Abstract

Naturally found chrysosplenol-C (4′,5,6-trihydroxy-3,3′,7-trimethoxyflavone) increases the contractility of cardiac myocytes independent of β-adrenergic signaling. We investigated the cellular mechanism for chrysosplenol-C–induced positive inotropy. Global and local Ca²⁺ signals, L-type Ca²⁺ current (I_Ca), and contraction were measured from adult rat ventricular myocytes using two-dimensional confocal Ca²⁺ imaging, the whole-cell patch-clamp technique, and video-edge detection, respectively. Application of chrysosplenol-C reversibly increased Ca²⁺ transient magnitude with a maximal increase of ∼55% within 2- to 3-minute exposures (EC₅₀ ≅ 21 μM). This chemical did not alter I_Ca and slightly increased diastolic Ca²⁺ level. The frequency and size of resting Ca²⁺ sparks were increased by chrysosplenol-C. Chrysosplenol-C significantly increased sarcoplasmic reticulum (SR) Ca²⁺ content but not fractional release.
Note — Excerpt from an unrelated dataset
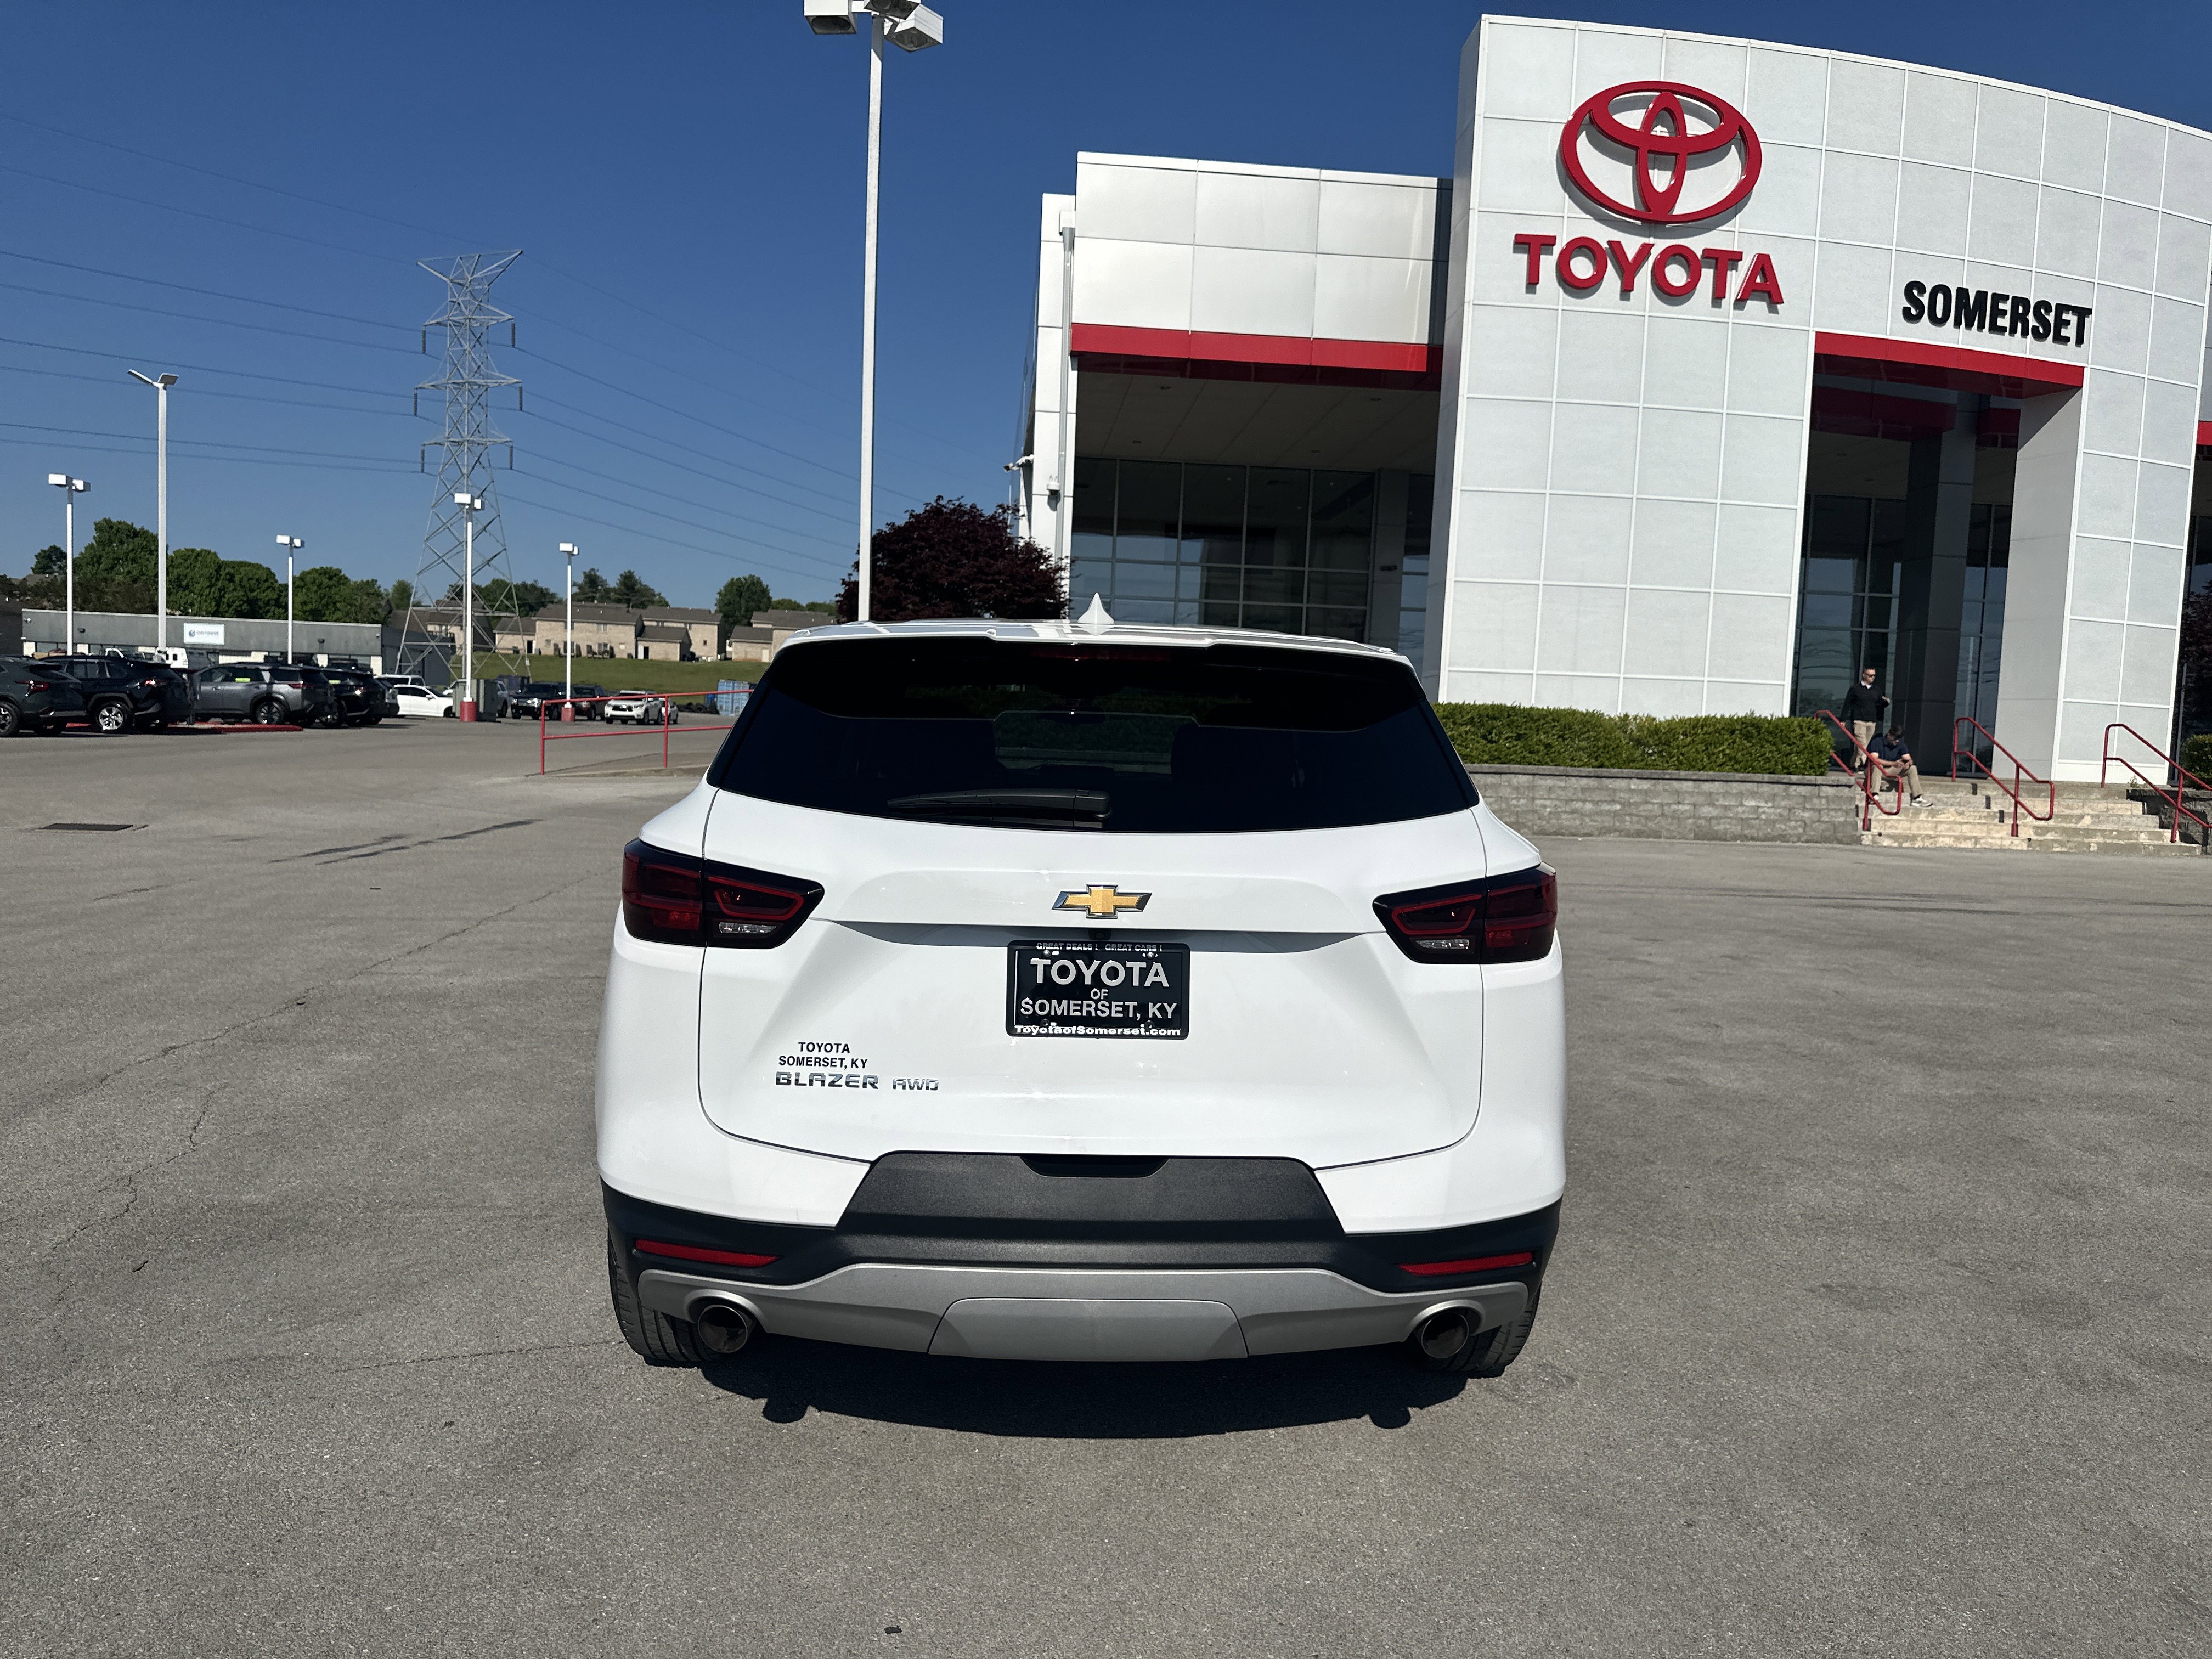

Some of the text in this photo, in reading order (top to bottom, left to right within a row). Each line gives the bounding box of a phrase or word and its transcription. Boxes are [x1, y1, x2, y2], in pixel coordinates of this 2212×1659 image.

Pretreatment of protein kinase C (PKC) inhibitor but not Ca²⁺/calmodulin-dependent protein kinase II (CaMKII) inhibitor abolished the stimulatory effects of chrysosplenol-C on Ca²⁺ transients and Ca²⁺ sparks. Chrysosplenol-C–induced positive inotropy was removed by the inhibition of PKC but not CaMKII or phospholipase C. Western blotting assessment revealed that PKC-δ protein level in the membrane fractions significantly increase within 2 minutes after chrysosplenol-C exposure with a delayed (5-minute) increase in PKC-α levels in insoluble membrane. These results suggest that chrysosplenol-C enhances contractility via PKC (most likely PKC-δ)-dependent enhancement of SR Ca²⁺ releases in ventricular myocytes.